■ Assignment
The entries that follow should be reproduced exactly, with no images carried over.
━━━━━━━━━━━━━━━━
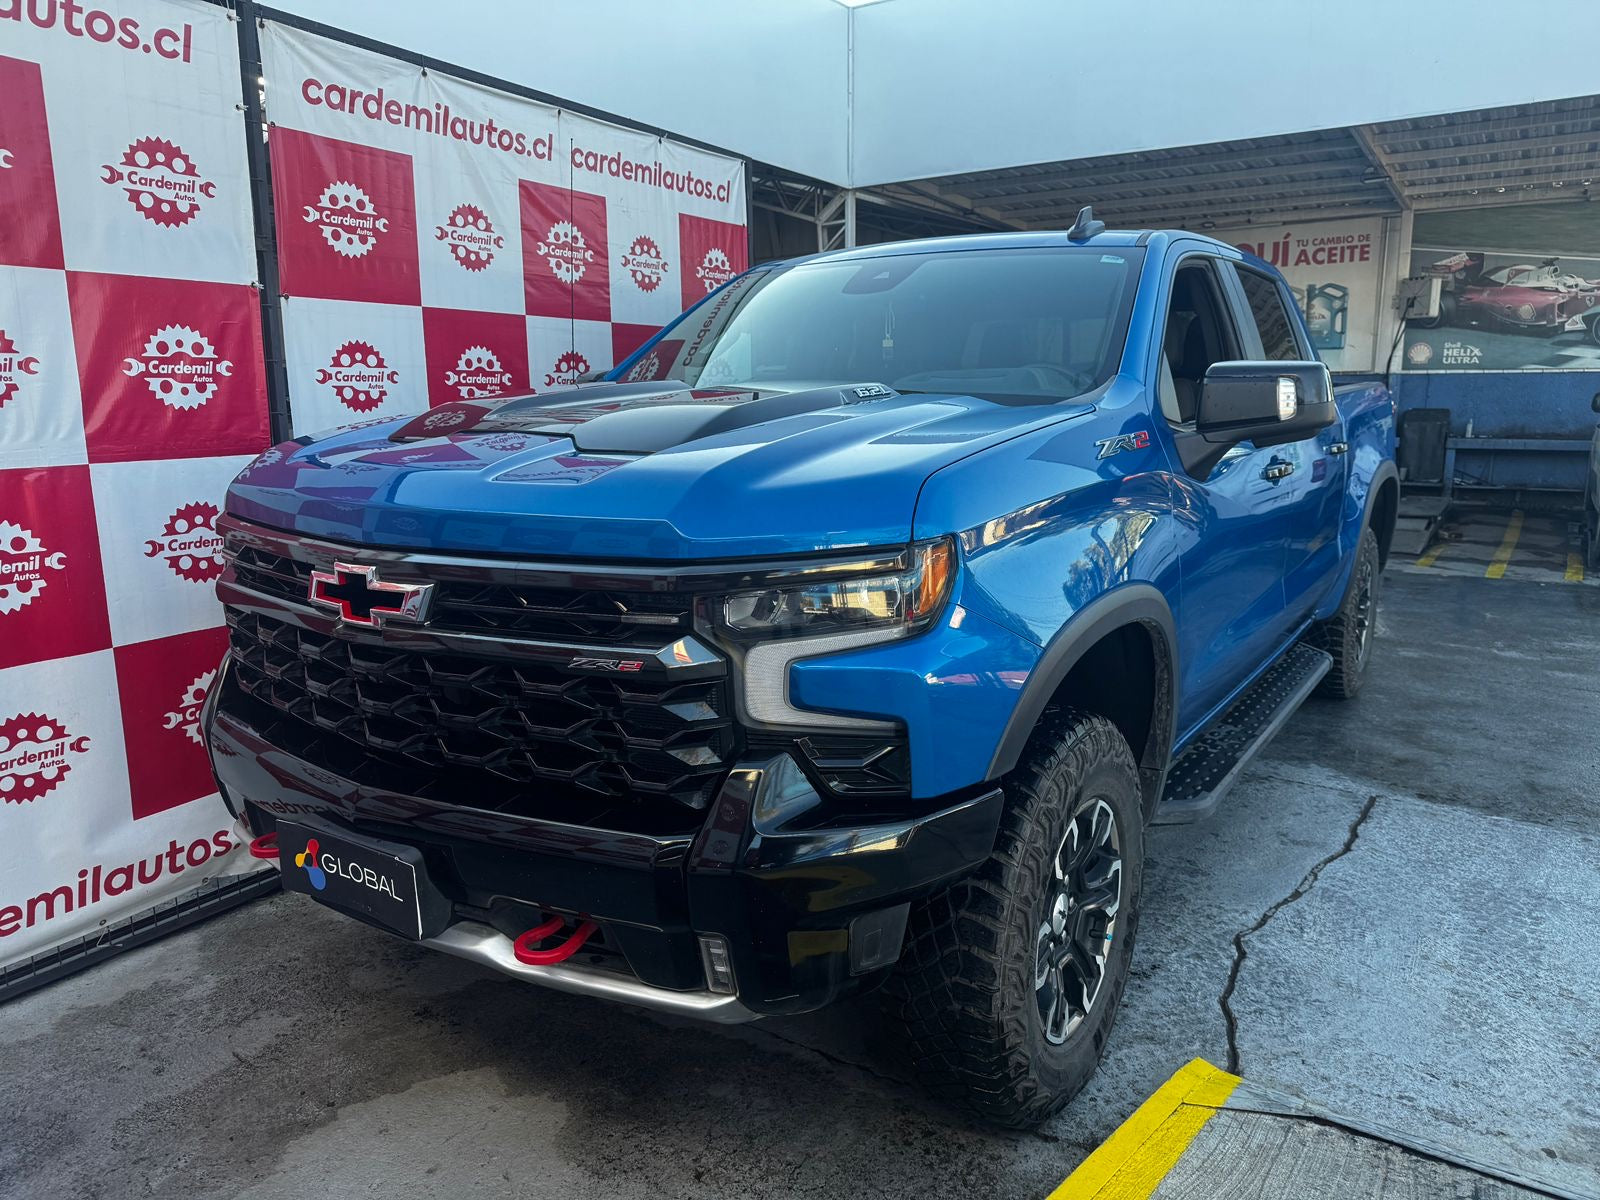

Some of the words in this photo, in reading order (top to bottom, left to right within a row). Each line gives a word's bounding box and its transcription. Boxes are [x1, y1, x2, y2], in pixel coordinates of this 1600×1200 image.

[301, 78, 553, 162] cardemilautos.cl
[127, 170, 196, 194] Cardemil
[571, 147, 731, 203] cardemilautos.cl
[174, 192, 196, 202] Autos
[322, 210, 373, 229] Cardemil
[356, 228, 373, 236] Autos
[450, 229, 492, 246] Cardemil
[1296, 239, 1309, 248] TU
[1312, 235, 1354, 247] CAMBIO
[1358, 233, 1371, 243] DE
[1294, 244, 1371, 267] ACEITE
[631, 258, 660, 271] Cardemil
[1443, 345, 1483, 357] HELIX
[148, 359, 213, 375] Cardemil
[1442, 356, 1480, 365] ULTRA
[192, 375, 213, 383] Autos
[334, 370, 384, 383] Cardemil
[460, 372, 500, 384] Cardemil
[1094, 430, 1151, 460] ZR2
[0, 555, 40, 574] emil
[13, 573, 41, 582] Autos
[39, 758, 65, 770] Autos
[321, 852, 404, 903] GLOBAL
━━━━━━━━━━━━━━━━
■ Task result
Some of the words in this photo, in reading order (top to bottom, left to right within a row). Each line gives a word's bounding box and its transcription. Boxes are [x1, y1, x2, y2], in pixel coordinates of this 1600×1200 image.

[301, 78, 553, 162] cardemilautos.cl
[127, 170, 196, 194] Cardemil
[571, 147, 731, 203] cardemilautos.cl
[174, 192, 196, 202] Autos
[322, 210, 373, 229] Cardemil
[356, 228, 373, 236] Autos
[450, 229, 492, 246] Cardemil
[1296, 239, 1309, 248] TU
[1312, 235, 1354, 247] CAMBIO
[1358, 233, 1371, 243] DE
[1294, 244, 1371, 267] ACEITE
[631, 258, 660, 271] Cardemil
[1443, 345, 1483, 357] HELIX
[148, 359, 213, 375] Cardemil
[1442, 356, 1480, 365] ULTRA
[192, 375, 213, 383] Autos
[334, 370, 384, 383] Cardemil
[460, 372, 500, 384] Cardemil
[1094, 430, 1151, 460] ZR2
[0, 555, 40, 574] emil
[13, 573, 41, 582] Autos
[39, 758, 65, 770] Autos
[321, 852, 404, 903] GLOBAL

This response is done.